PROVIDED RECORDS: Begin

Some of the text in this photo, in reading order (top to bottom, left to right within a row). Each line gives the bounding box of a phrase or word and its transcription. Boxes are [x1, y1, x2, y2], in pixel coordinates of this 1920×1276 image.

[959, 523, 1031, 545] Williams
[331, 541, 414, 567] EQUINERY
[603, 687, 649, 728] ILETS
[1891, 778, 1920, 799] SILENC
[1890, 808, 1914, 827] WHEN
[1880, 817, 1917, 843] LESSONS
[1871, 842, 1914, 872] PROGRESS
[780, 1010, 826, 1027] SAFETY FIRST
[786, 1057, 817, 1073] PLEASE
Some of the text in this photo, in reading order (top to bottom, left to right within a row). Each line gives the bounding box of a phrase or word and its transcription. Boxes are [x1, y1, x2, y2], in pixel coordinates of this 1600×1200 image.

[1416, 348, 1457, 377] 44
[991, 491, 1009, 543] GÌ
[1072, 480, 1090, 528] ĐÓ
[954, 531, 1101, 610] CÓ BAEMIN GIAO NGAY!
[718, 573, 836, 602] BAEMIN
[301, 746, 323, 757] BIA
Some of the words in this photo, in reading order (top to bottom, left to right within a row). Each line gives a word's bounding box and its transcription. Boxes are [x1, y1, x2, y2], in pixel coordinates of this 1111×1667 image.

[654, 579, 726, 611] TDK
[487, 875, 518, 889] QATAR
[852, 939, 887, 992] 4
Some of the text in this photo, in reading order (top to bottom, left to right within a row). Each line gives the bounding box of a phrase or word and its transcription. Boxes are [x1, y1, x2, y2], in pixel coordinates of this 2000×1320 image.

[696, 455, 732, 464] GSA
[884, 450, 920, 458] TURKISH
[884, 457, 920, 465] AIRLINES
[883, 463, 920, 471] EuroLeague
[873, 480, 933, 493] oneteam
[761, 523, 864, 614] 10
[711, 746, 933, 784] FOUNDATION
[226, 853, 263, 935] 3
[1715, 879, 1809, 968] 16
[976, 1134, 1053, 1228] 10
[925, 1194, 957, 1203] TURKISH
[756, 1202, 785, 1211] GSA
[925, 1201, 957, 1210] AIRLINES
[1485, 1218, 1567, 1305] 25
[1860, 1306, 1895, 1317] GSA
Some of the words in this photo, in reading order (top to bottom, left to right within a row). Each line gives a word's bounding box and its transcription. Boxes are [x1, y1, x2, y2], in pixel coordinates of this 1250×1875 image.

PROVIDED RECORDS: End

■ **WORK INSTRUCTIONS**
Reproduce the records above exactly, starting with the line that contains "this 1111×1667 image." and ending with the last line.

■ **OUTPUT OF THE EXERCISE**
Some of the words in this photo, in reading order (top to bottom, left to right within a row). Each line gives a word's bounding box and its transcription. Boxes are [x1, y1, x2, y2], in pixel coordinates of this 1111×1667 image.

[654, 579, 726, 611] TDK
[487, 875, 518, 889] QATAR
[852, 939, 887, 992] 4
Some of the text in this photo, in reading order (top to bottom, left to right within a row). Each line gives the bounding box of a phrase or word and its transcription. Boxes are [x1, y1, x2, y2], in pixel coordinates of this 2000×1320 image.

[696, 455, 732, 464] GSA
[884, 450, 920, 458] TURKISH
[884, 457, 920, 465] AIRLINES
[883, 463, 920, 471] EuroLeague
[873, 480, 933, 493] oneteam
[761, 523, 864, 614] 10
[711, 746, 933, 784] FOUNDATION
[226, 853, 263, 935] 3
[1715, 879, 1809, 968] 16
[976, 1134, 1053, 1228] 10
[925, 1194, 957, 1203] TURKISH
[756, 1202, 785, 1211] GSA
[925, 1201, 957, 1210] AIRLINES
[1485, 1218, 1567, 1305] 25
[1860, 1306, 1895, 1317] GSA
Some of the words in this photo, in reading order (top to bottom, left to right within a row). Each line gives a word's bounding box and its transcription. Boxes are [x1, y1, x2, y2], in pixel coordinates of this 1250×1875 image.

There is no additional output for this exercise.